Currencies / analysis
Turndown in risk appetite drives US equity futures lower, USD higher and NZD plunges 3% peak to trough - hero to zero in 12 hours. Some positioning adjustments ahead of tonight's key US employment report

On a quiet day for newsflow, there have been some significant market moves ahead of tonight’s key US employment report. Risk appetite has reversed course, seeing the NZD plunge almost 3% peak-to-trough, after a local trading session that saw it trade above 0.58.  The USD has shown broadly based gains and US equities are weaker after futures had pointed higher yesterday. Global rates are higher again.

The positive vibe that had engulfed markets earlier this week extended further during NZ trading hours yesterday, but for no obvious reason, risk appetite has turned lower.  US jobless claims unexpectedly jumped higher and bad news is good news these days, but that only had a short-term impact on US equities and bonds. Hawkish central bank talk might be one factor for weaker risk appetite, although we haven’t really heard anything new, and it might be just a case of traders resetting positions ahead of tonight’s US employment report.

The economic calendar has been light.  Germany factory orders slumped 2.4% m/m in August, making it six falls over the past seven months, and another indicator of Germany being in, or on the brink, of economic recession. US jobless claims broke a string of lower-than-expected surprises to jump from 190k to 219k last week, a possible sign that the downward trend has been broken, adding to story of other labour market data that the market has turned weaker.

The IMF signalled a downgrade, for the fourth consecutive quarter, to its updated global growth forecasts to be published next week. The head of the IMF said that a third of the world’s economy would suffer a recession next year and many others would feel like they were in recession, against backdrop of shrinking real incomes and rising prices.

The BoE defended its UK gilt buying intervention in a formal letter from Deputy Governor Cunliffe to the chair of Parliament’s Treasury committee. The BoE noted UK-specific factors as the root cause, and the Bank had been warned by liability driven investment (LDI) managers that they would be forced into dumping more UK gilts that would create a downward spiral in gilt prices. Had the BoE not intervened, widespread financial instability would have ensued.
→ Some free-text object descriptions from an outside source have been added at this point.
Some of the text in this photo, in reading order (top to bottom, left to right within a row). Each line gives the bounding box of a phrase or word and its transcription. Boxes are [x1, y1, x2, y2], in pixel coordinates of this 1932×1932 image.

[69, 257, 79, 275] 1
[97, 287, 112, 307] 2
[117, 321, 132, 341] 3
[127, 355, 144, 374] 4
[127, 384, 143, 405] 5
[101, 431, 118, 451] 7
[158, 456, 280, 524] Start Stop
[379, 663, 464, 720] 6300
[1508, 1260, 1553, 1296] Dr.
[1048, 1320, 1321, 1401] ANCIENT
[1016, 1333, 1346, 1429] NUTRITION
In the first week of programme, the BoE bought only £3.8b gilts, well below the potential maximum of £35b. Having the BoE as a backstop has supported the market, but traders are now worried what happens when the backstop ends in a week. LDI funds have been actively selling billions of pounds of their most liquid assets to deleverage, centred around European and US credit and US Treasuries.

UK gilt yields are much higher across the curve, led by the long end. The 10-year rate is up 13bps on the day to 4.15%. Higher UK rates have spilled over into other markets, with European 10-year rates up in the order of 4-5bps and the US 10-year rate currently up 5bps to 3.80%, well up from the 3.56% low reached earlier this week.
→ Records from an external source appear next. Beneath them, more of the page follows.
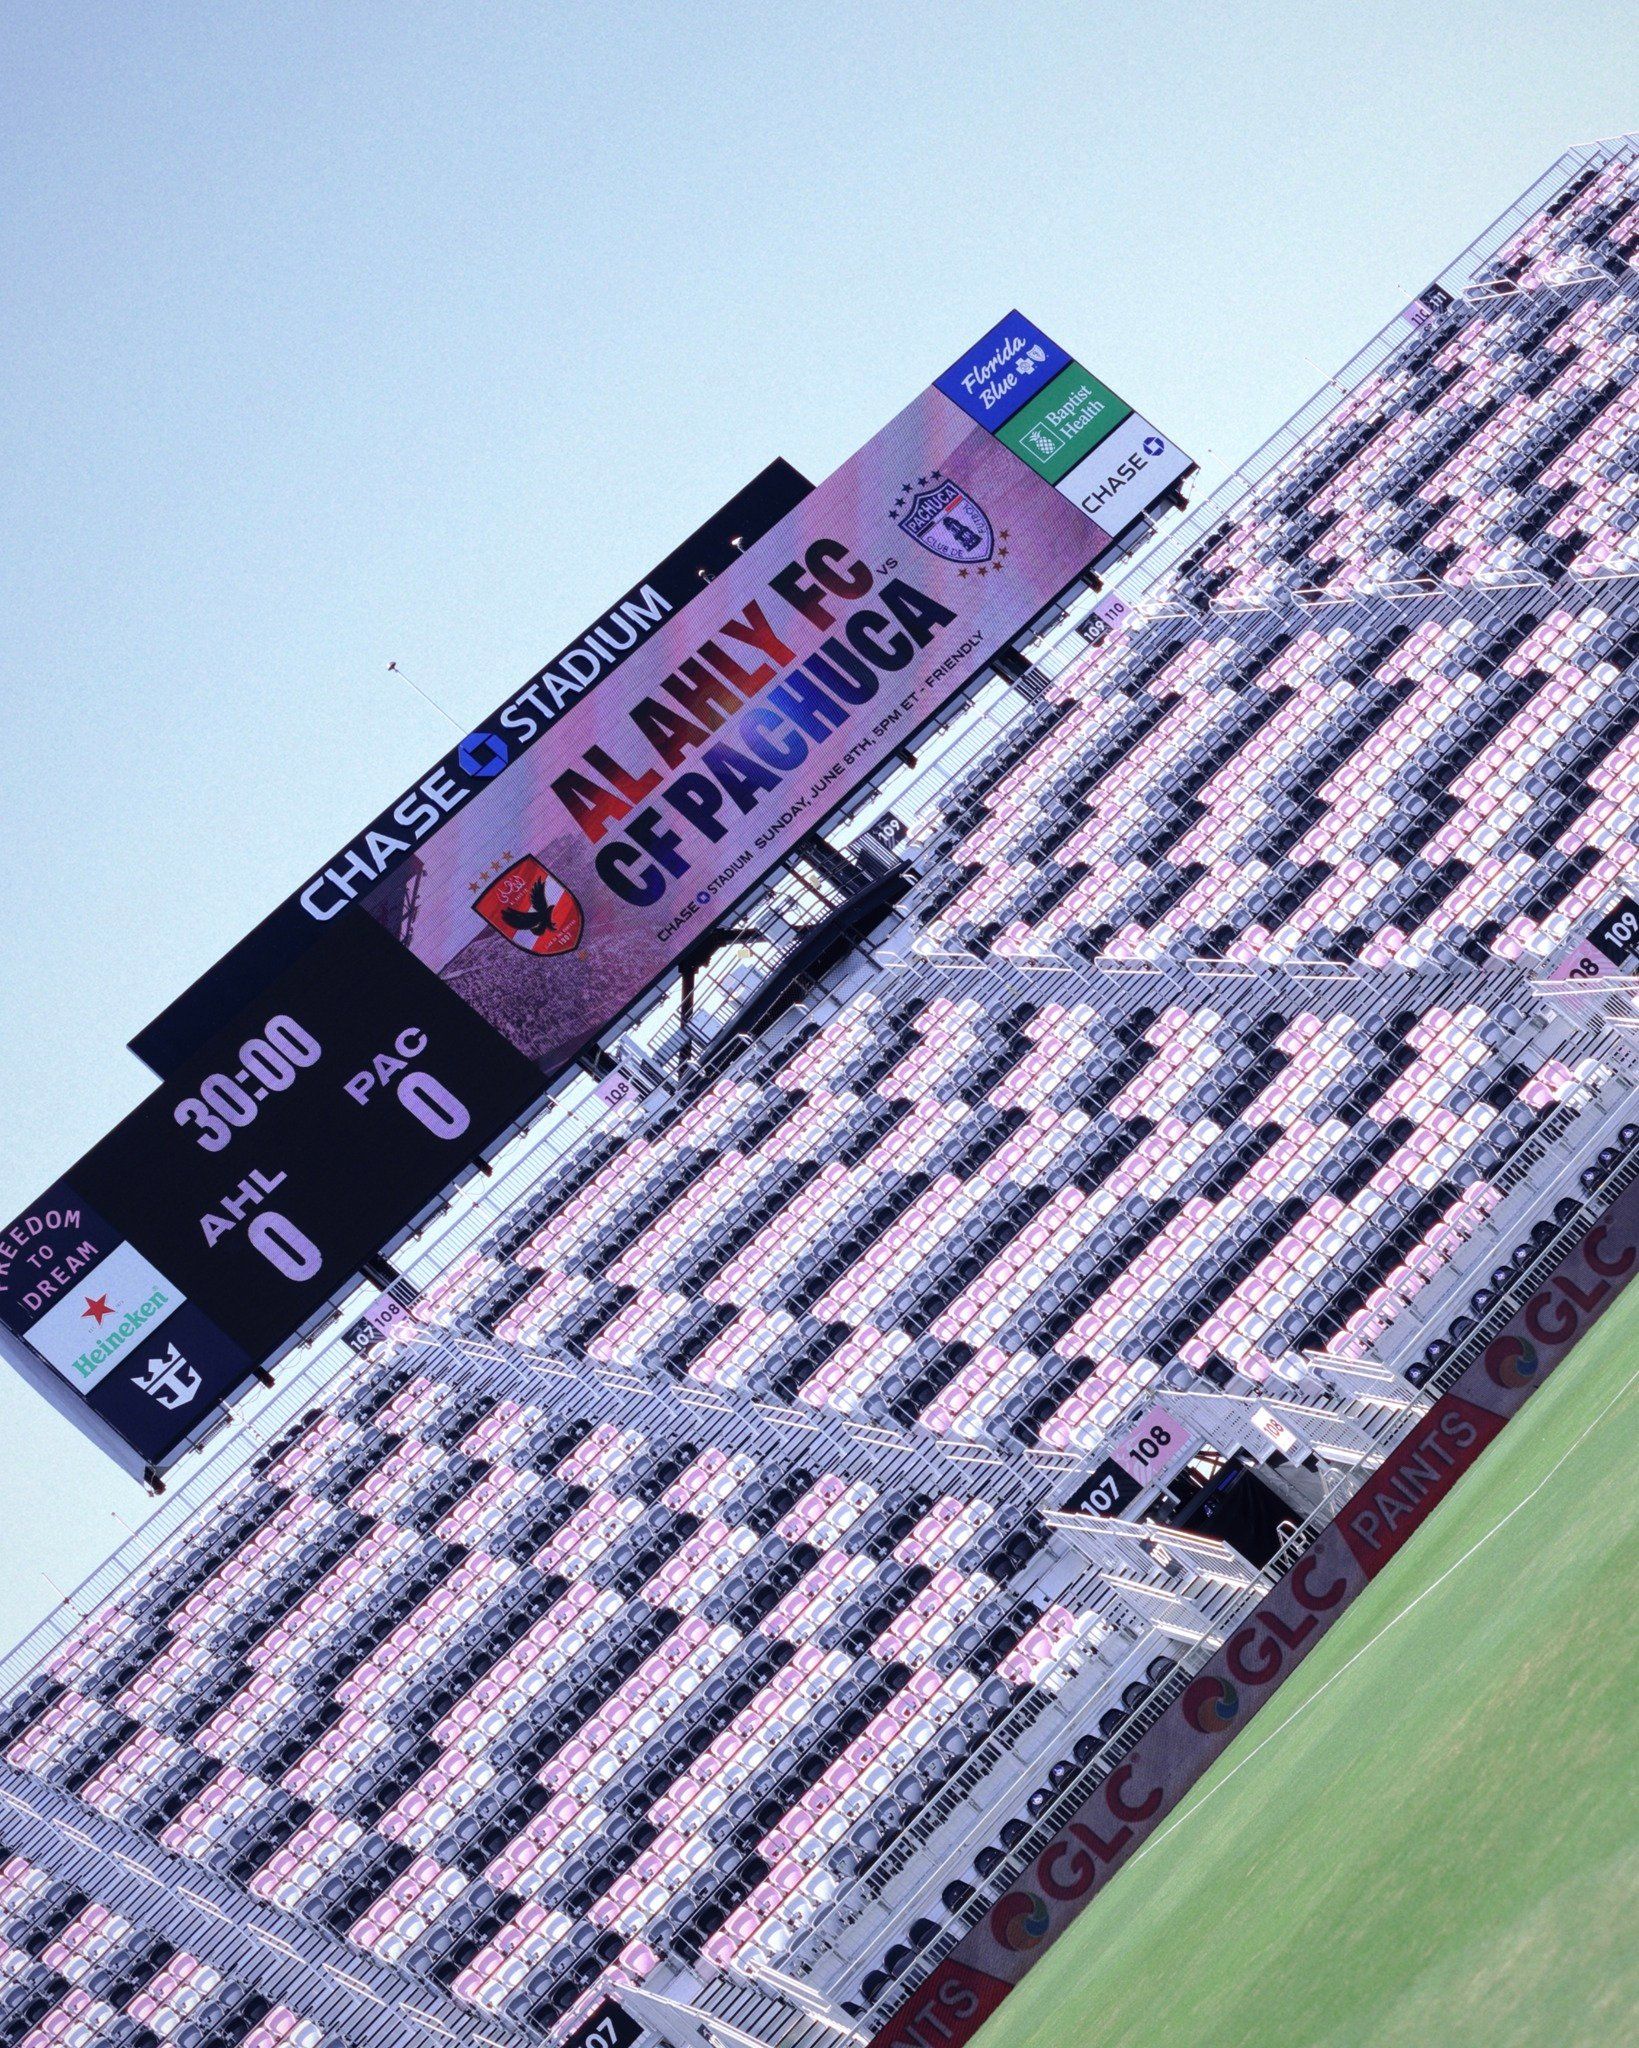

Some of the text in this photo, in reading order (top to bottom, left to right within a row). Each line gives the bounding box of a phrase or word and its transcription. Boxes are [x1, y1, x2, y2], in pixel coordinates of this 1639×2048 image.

[961, 337, 1026, 394] Florida
[979, 374, 1017, 409] Blue
[1046, 385, 1092, 427] Baptist
[1061, 401, 1105, 439] Health
[908, 490, 956, 531] PACHUCA
[1082, 453, 1148, 513] CHASE
[1084, 603, 1124, 641] 109 110
[550, 539, 873, 844] AL AHLY FC
[300, 584, 673, 920] CHASE STADIUM
[594, 578, 957, 907] CF PACHUCA
[656, 901, 700, 942] CHASE
[707, 850, 753, 894] STADIUM
[754, 796, 811, 849] SUNDAY,
[811, 763, 845, 798] JUNE
[843, 738, 876, 765] 8TH,
[872, 709, 902, 737] 5PM
[900, 691, 919, 711] ET
[925, 630, 983, 687] FRIENDLY
[878, 819, 901, 841] 109
[1604, 912, 1639, 948] 109
[174, 1015, 321, 1152] 30:00
[343, 1028, 427, 1105] PAC
[605, 1083, 629, 1106] 108
[397, 1072, 470, 1139] 0
[200, 1169, 287, 1247] AHL
[22, 1240, 99, 1311] DREAM
[27, 1246, 53, 1268] TO
[248, 1212, 322, 1281] 0
[1525, 1224, 1637, 1345] GLC
[72, 1292, 168, 1378] Heineken
[350, 1303, 401, 1354] 107 108
[1264, 1418, 1284, 1438] 108
[1081, 1426, 1171, 1515] 107 108
[1150, 1542, 1171, 1566] 107
[1227, 1412, 1477, 1686] GLC PAINTS
[1037, 1762, 1163, 1901] GLC
[578, 2016, 618, 2048] 07
US Fed speakers continue to offer a hawkish narrative, with Kashkari indicating the Bank was “quite a ways away” from pausing the hiking cycle, the same language as used by other FOMC members. Newly elected Governor Cook, showed off his hawkish credentials with a similar tone, noting labour market strength, ”stubbornly and unacceptably high” inflation, and repeating the mantra that the Fed was likely to keep policy restrictive for some time.

Bank of Canada Governor Macklem delivered a hawkish speech, saying that inflation will “not fade away by itself” and “simply put, there is more to be done…the clear implication is that further interest rate increases are warranted…we will need additional information before we consider moving to a more finely balanced decision-by-decision approach”. This puts the BoC firmly in the camp of the hawkish RBNZ and US Fed and leaves the RBA’s dovish pivot earlier this week as an outlier.
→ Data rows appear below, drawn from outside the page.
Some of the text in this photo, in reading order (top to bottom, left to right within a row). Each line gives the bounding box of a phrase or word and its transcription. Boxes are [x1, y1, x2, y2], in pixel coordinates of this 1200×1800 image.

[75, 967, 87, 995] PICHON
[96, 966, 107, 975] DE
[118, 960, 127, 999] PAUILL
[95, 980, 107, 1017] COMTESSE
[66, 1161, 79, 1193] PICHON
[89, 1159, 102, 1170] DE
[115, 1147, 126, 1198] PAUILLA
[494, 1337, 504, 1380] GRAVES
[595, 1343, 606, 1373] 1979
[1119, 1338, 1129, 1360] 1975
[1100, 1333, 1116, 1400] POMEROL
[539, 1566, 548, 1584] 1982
In currency markets the swing in risk appetite has been a key driver over the past 24 hours. The NZD and AUD ascended during NZ trading hours, with the NZD piercing up through 0.58, peaking just under 0.5815 before plunging almost 3% to about 0.5640. It currently trades around 0.5660. The AUD traded up to 0.6540, plunging down to 0.6390 and since settling just over 0.64. Of the commodity currencies, CAD has performed better, helped by the hawkish BoC Governor, but is still down over 1% from the NZ close.

The USD shows broadly based strength, with EUR taking another look below 0.98 and GBP down over 2% at one stage to 1.1115, since recovered to 1.1185. USD/JPY traded temporarily above 145, the level seen to get the attention of the MoF’s intervention team and it currently sits near that level.

The domestic rates market continues to be at the whim of global forces, with the 2-year swap rate closing 16bps higher at 4.62% and the 10-year rate up 9bps to 4.35%. NZGB yields out to 10-years were up in the order of 11-12bps. Given offshore moves overnight, there will be further upside pressure on the open, with Australia’s 10-year bond future up in the order of 4-5bps in yield terms since the NZ close.

In the day ahead, Fed speakers remain out in force, with Waller and Mester during NZ trading hours and Williams tonight. But there will be more interest in the US employment report, with a surprise in either direction likely to have an outsized impact on markets.  The consensus sees employment growth moderating to 260k, a steady unemployment rate of 3.7% and modest average hourly earnings growth of 0.3% m/m, dragging annual wage inflation down to 5.0% y/y.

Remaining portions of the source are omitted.